When a Parent Becomes a Daughter

Vidhyanath Rao rao.3 at osu.edu
Sun Jan 30 12:44:06 UTC 2000


<JoatSimeon at aol.com> wrote

>>rao.3 at osu.edu writes:

>>> << Wouldn't the rise of new species be a better parallel to the rise of
>>> new languages? Ancestral species can exist at the same time as a species
>>> that has split off.

> -- not generally.

The claim says 'can'. To give on example: Polar bears are generally
thought to have descended from brown bears or grizzlies. Should we set
up two species for the latter, one before and one after the split, just
because of the split?

Homo habilis seems to have survived till about 30000 BP. So it
co-existed with a lot of other species in Homo which are usually derived
from H. habilis or a descendent species.

> Eg., we and the chimps (and gorillas and bonobos) are descended
> from a common ancestor, and chimps are much more _like_ that
> common ancestor, but we can't be said to be descended from chimps.

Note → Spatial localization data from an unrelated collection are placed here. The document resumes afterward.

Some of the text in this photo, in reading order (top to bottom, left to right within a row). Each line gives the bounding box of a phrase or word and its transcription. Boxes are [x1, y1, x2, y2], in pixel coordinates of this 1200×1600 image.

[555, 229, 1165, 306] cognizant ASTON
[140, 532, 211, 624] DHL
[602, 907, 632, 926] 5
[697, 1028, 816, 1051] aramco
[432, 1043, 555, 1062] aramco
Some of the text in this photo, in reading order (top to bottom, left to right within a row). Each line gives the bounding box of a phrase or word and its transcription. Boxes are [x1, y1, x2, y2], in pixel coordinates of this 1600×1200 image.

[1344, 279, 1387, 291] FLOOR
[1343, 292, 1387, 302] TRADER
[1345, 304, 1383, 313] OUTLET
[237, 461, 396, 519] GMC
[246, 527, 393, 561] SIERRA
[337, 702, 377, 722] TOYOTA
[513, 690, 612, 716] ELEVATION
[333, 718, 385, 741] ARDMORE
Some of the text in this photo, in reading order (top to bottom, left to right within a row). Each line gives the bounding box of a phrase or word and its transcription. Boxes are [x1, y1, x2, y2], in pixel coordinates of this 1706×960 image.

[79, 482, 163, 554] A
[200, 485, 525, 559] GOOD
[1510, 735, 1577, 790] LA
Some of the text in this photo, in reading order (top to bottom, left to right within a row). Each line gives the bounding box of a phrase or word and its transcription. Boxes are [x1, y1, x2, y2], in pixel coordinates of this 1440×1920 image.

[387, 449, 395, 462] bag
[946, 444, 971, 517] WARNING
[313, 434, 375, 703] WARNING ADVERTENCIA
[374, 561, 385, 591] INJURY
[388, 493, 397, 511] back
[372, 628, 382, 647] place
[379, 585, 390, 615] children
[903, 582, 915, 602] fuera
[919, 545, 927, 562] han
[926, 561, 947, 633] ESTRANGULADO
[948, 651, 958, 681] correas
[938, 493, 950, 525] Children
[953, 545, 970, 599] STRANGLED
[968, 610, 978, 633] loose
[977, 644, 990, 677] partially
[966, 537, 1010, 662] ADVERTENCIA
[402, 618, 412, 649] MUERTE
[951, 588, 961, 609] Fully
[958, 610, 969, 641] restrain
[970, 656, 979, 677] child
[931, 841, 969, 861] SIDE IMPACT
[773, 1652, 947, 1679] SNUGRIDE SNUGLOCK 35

I fail to understand the logic. You cannot deny the existence of
counter-examples by giving examples.

BTW, it is not at all clear that chimps are more like the common
ancestor. There was an article in New Scientist several years ago which
pointed out similarities between Homo and the common ancestor and
suggested, tongue partly in cheek, that chimps were descended from
humans. [The title was something like ``When we took to the trees''.